Tra gli eventi avvenuti in questo fine settimana alcuni meriterebbero di essere valorizzati, come quello dei 30mila in piazza a Torino, altri invece, come le orribili affermazioni su down e anziani del portavoce del presidente del Consiglio, andrebbero stigmatizzati. Da questo punto di vista, la miglior risposta è giunta attraverso una fotografia scattata a Biella dal Presidente della Repubblica. Ma non possiamo però permettere che passi sotto silenzio l’affermazione più vergognosa, quella fatta dai vertici dell’M5s contro la libertà di stampa e i giornalisti. Per evidenziare le differenze tra M5s e Pd basterebbe vedere quanto non ha detto Matteo Renzi su una vicenda che ha riguardato la sua famiglia.
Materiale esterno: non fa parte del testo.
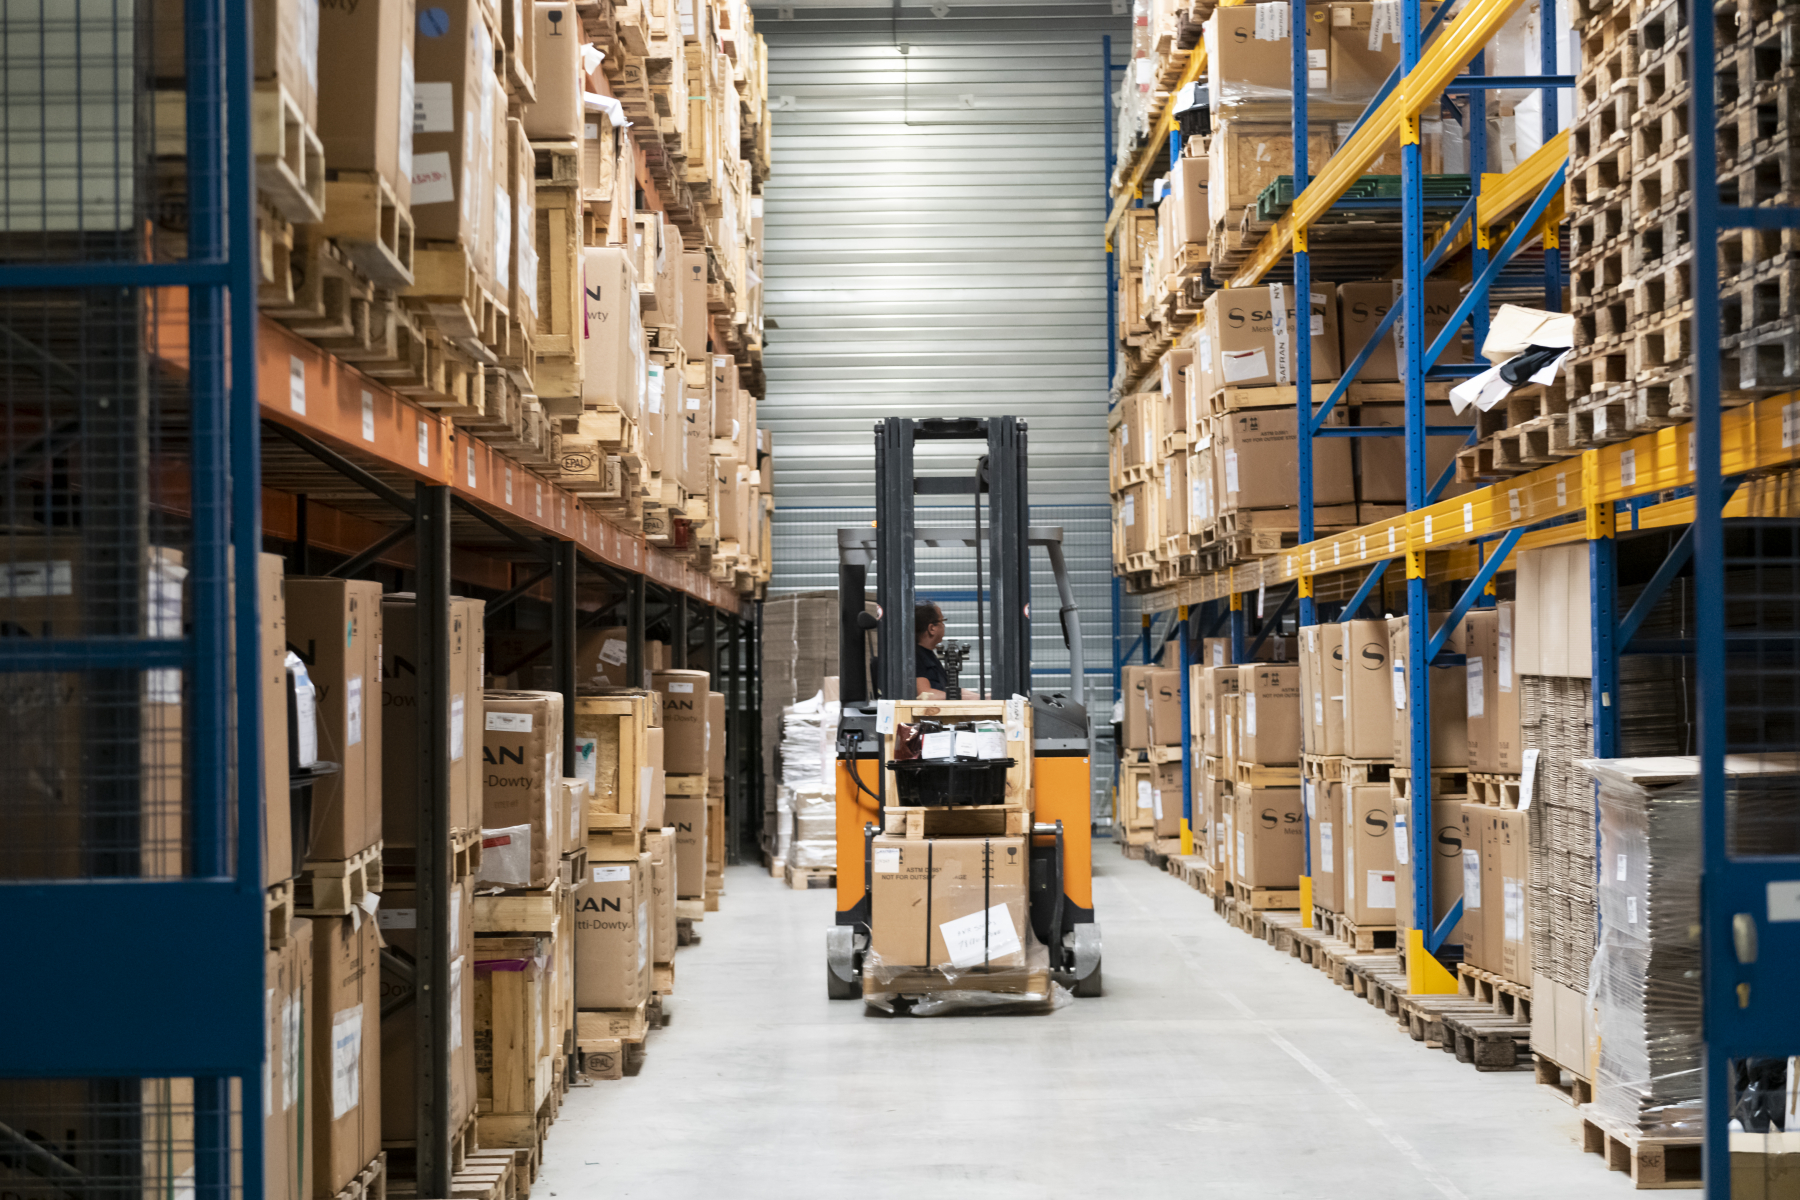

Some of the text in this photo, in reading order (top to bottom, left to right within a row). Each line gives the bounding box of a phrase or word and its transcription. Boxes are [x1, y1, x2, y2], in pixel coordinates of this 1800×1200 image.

Agli esponenti del M5s non serve oggi venire qui in Parlamento a sciacquarsi la bocca contro la violenza, quando invece usano quotidianamente la violenza verbale. Noi difendiamo sempre l’articolo 21 della Costituzione e non accettiamo questi toni da squadristi del 1919 o da Repubblica del Carnaro. Il Governo venga a rendere conto alla Camera di queste affermazioni non degne di un sistema democratico”.

Così Enrico Borghi, della Presidenza del gruppo Pd alla Camera, intervenendo in Aula.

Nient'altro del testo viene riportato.